On October 31, 2019 — 10 days after election day — King wrote an email to a CSIS representative on the SITE task force expressing dismay about a CSIS national security briefing that was revealed to the task force after election day. It's not clear what the briefing revealed; the email is heavily redacted.
"This document is massively problematic from my perspective. And will raise many questions," King wrote to the CSIS representative, whose name also was redacted.
"SITE had no visibility of this reporting," King wrote. "I have to question why this was not shared in advance with SITE — particularly given the severity of the alleged activity."
King said in the email that the limited distribution of the briefing effectively rendered the intelligence useless.
"How can we identify and understand the complete picture and explore ways to mitigate the problem if only five people receive the information — and no-one in an operational capacity," King wrote. "Silos do not help."
King went on to describe a specific statement in the top secret document as "massively problematic."
"This will raise so many questions — and one week after the election — when this information was clearly known beforehand and built up over time. There will be questions as to why this was not brought forth sooner," King wrote.
"The whole purpose of SITE was to review, share, assess and respond to foreign interference. This puts us in a very difficult spot, and brings into question the integrity of SITE."
CSIS assistant director Cherie Henderson was asked at the foreign interference inquiry about King's 2019 email on Thursday. She said it was an issue of timing and the report in question was the culmination of an investigation that began before the 2019 election campaign. SITE only manages issues that arise during the election period.
Henderson said the top-secret report that was was finalized and shared with SITE after the 2019 election included a line that said "the actor has already had an impact on the 2019 federal election and will remain a foreign interference threat after the election."

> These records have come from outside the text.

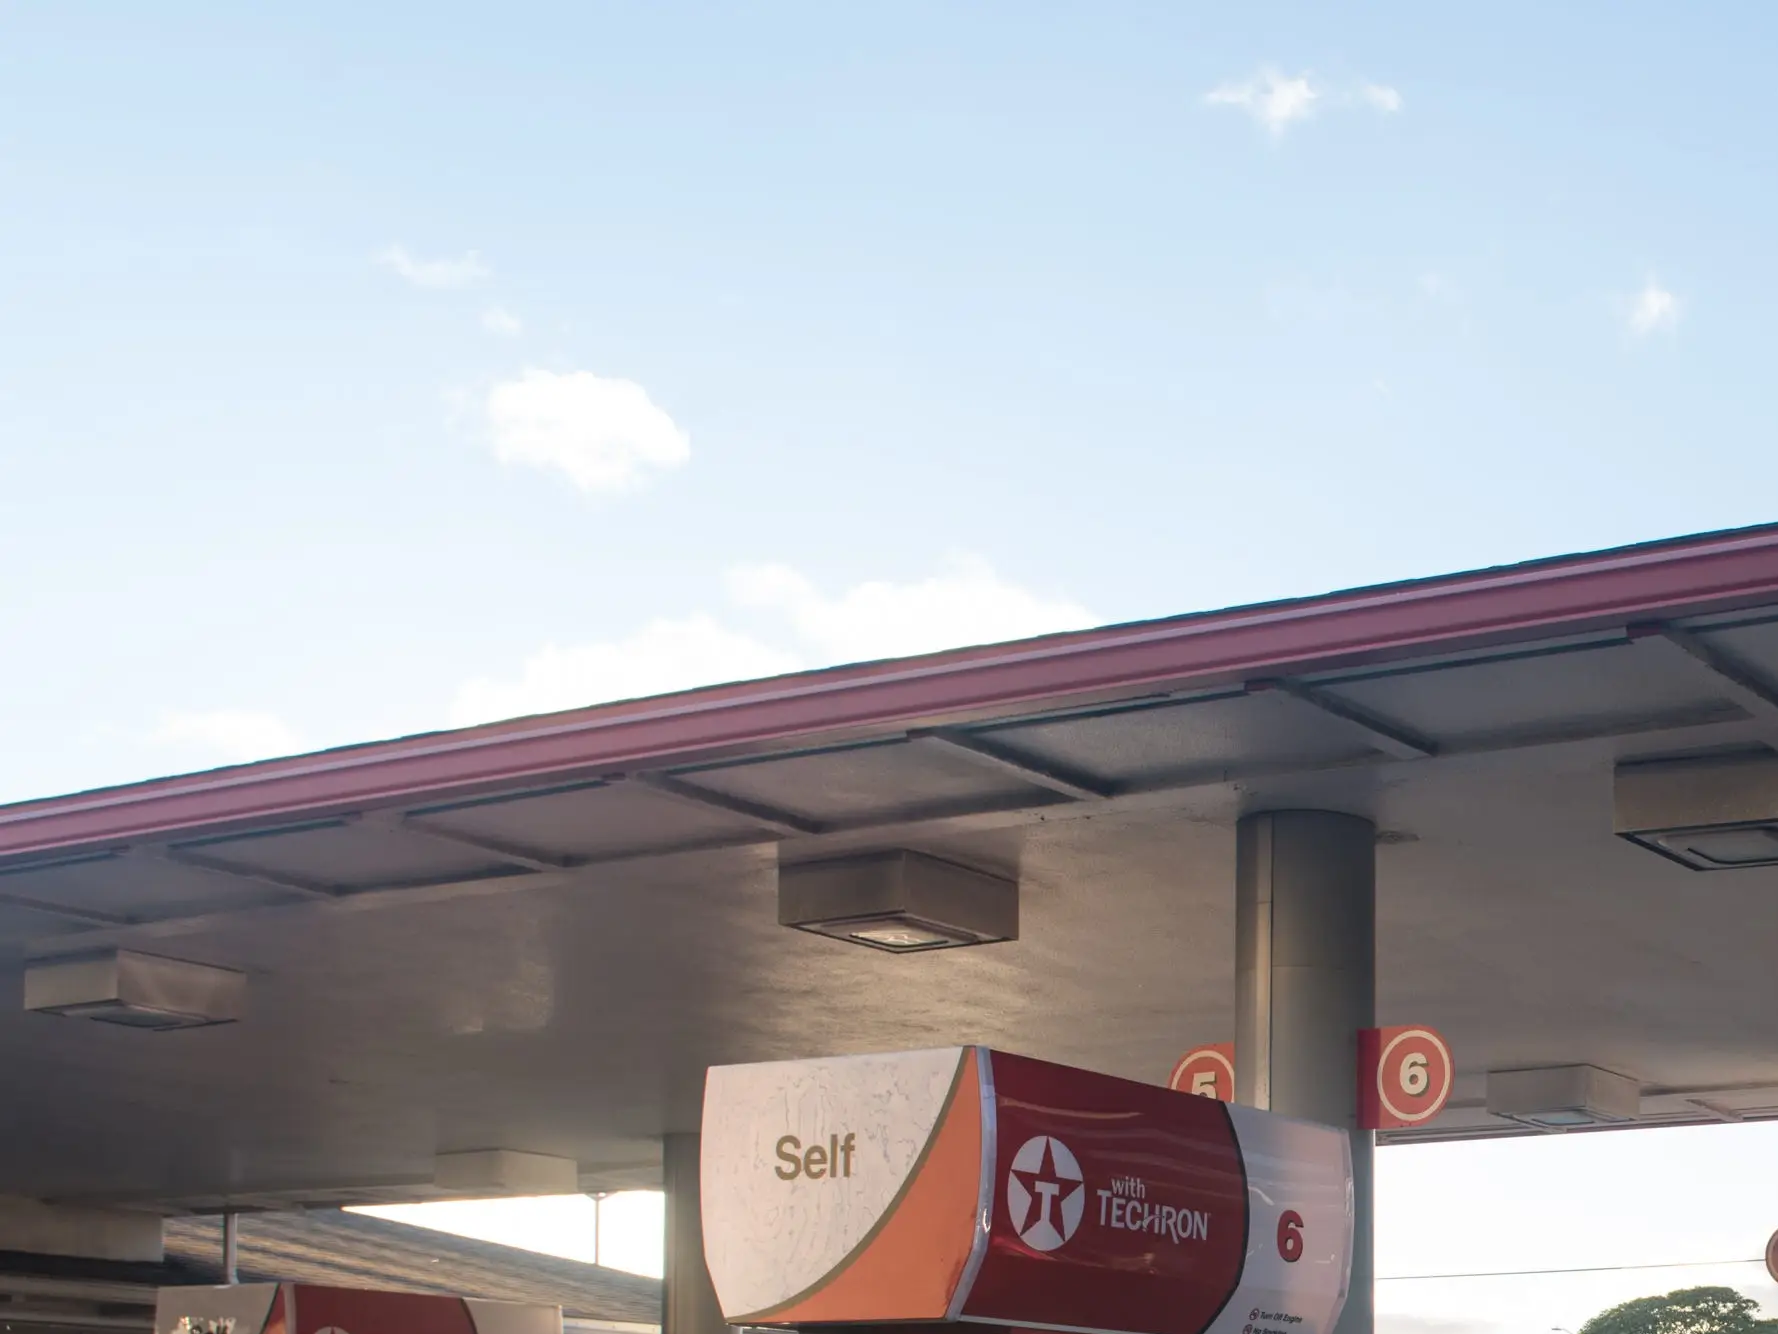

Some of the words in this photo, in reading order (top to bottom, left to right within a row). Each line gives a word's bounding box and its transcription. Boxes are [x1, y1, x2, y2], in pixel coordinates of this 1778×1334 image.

[1191, 1071, 1217, 1099] 5
[1400, 1052, 1429, 1096] 6
[774, 1132, 857, 1181] Self
[1111, 1175, 1146, 1199] with
[1096, 1190, 1209, 1245] TECHRON
[1276, 1209, 1305, 1263] 6
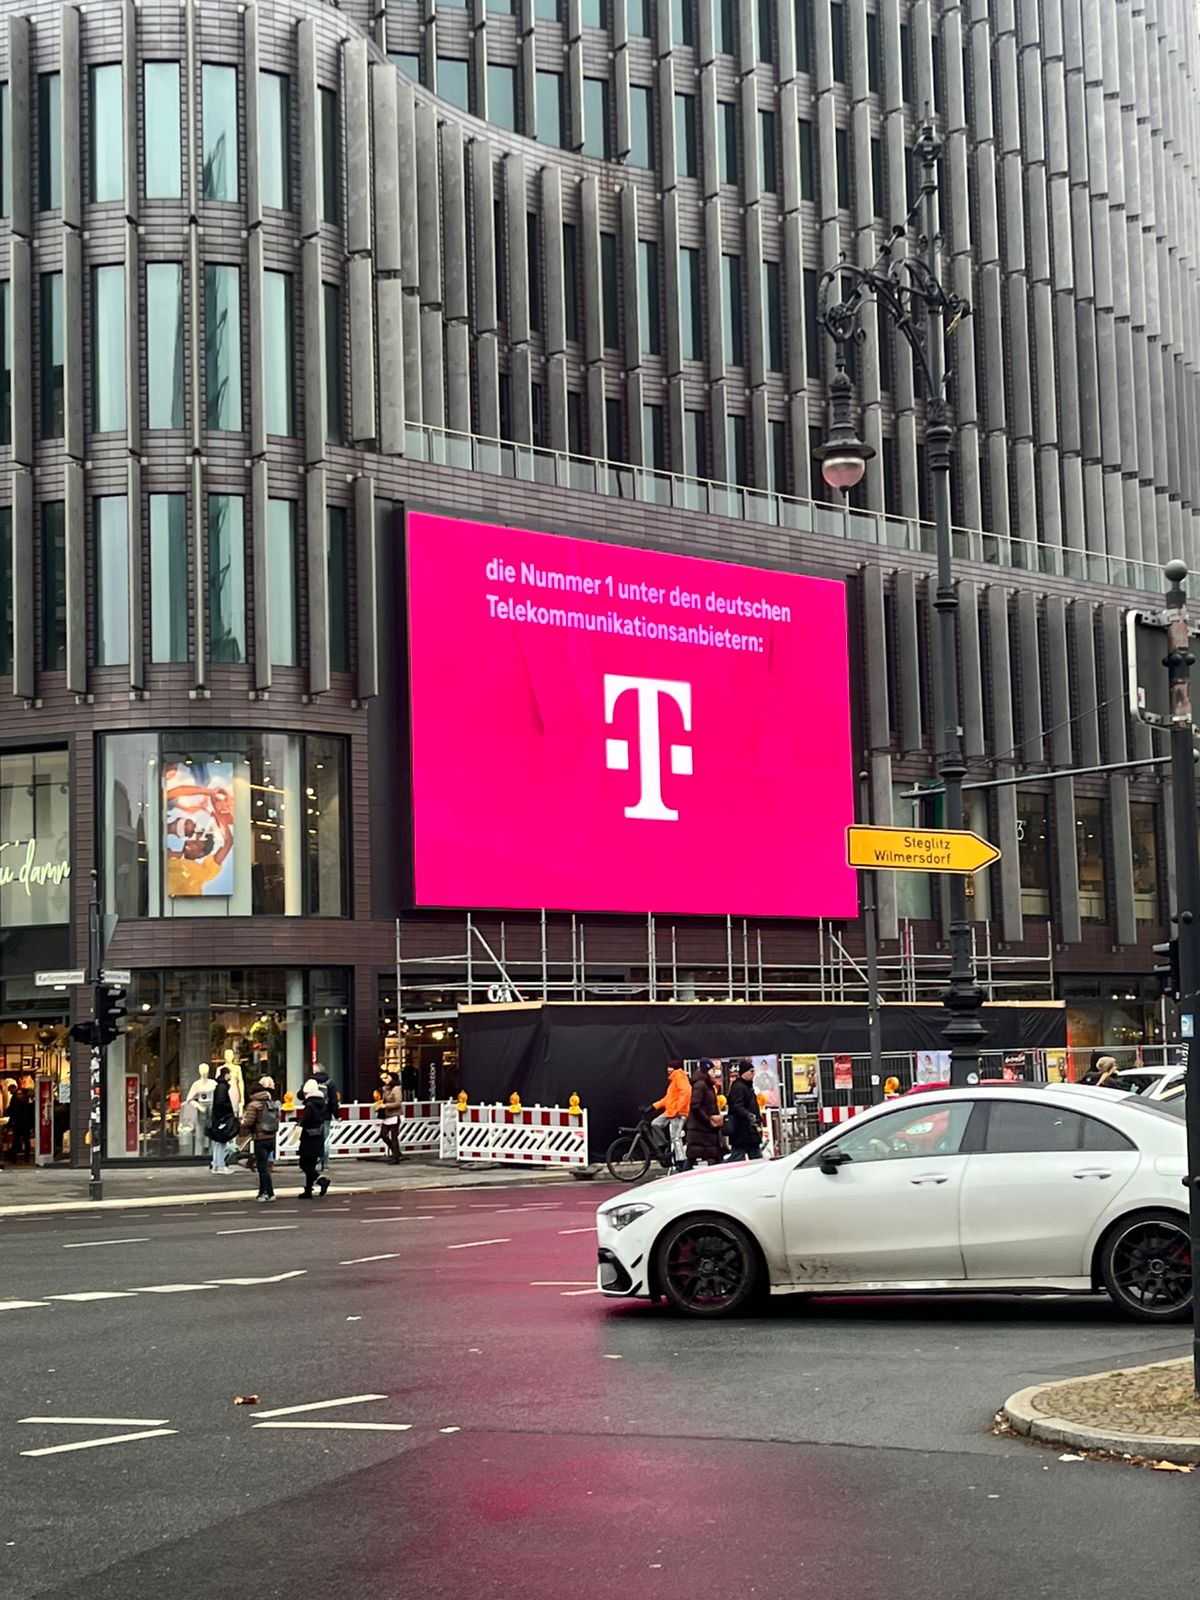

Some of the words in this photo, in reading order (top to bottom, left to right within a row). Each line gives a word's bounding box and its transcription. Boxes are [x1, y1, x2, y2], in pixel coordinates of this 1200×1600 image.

[486, 558, 516, 583] die
[521, 562, 602, 596] Nummer
[605, 575, 614, 596] 1
[618, 580, 666, 605] unter
[669, 586, 701, 610] den
[705, 592, 792, 622] deutschen
[486, 594, 764, 652] Telekommunikationsanbietern:
[874, 849, 951, 865] Wilmersdorf
[904, 836, 951, 851] Steglitz

"When we took a look back at the report and the assessment, we felt internally that that was a bit of a leap too far. The threat actor would have had an impact on that particular time frame, and that particular issue, but that would not have impacted the integrity of the 2019 election. It was just a little bit too strong of an assessment," Henderson told the inquiry.
Henderson said CSIS re-wrote that section of the report and resubmitted it.
SITE: An informed public is the 'best' defence
In an interview with CBC News, national security and intelligence expert Wesley Wark said that sharing secrets with the public goes against the core instincts of intelligence agencies.
"There's always a challenge for intelligence agencies to kind of dial back their concerns about secrecy and protection of secrets, particularly if they have to reach a public audience — whether it's a general Canadian public audience or a public audience in the form of security-cleared representatives of the political parties," said Wark.
"It's just not in the DNA of the intelligence agencies to do that. So they have to get over that."
SITE itself acknowledged after the 2019 election the level of communication with the public on foreign interference was insufficient.
"There was an over-reliance on a single set of talking points, agreed to before the election period, which resulted in a lack of nuanced messaging that actually addressed the media's questions or allowed SITE-TF to tell its story," says a post-2019 election SITE document published by the inquiry.
"A more nuanced approach to public messaging, and a greater willingness to share more information, will help the public better understand both the relevant threats and the government's response to those threats.
"An informed public is the best line of defence against foreign interference."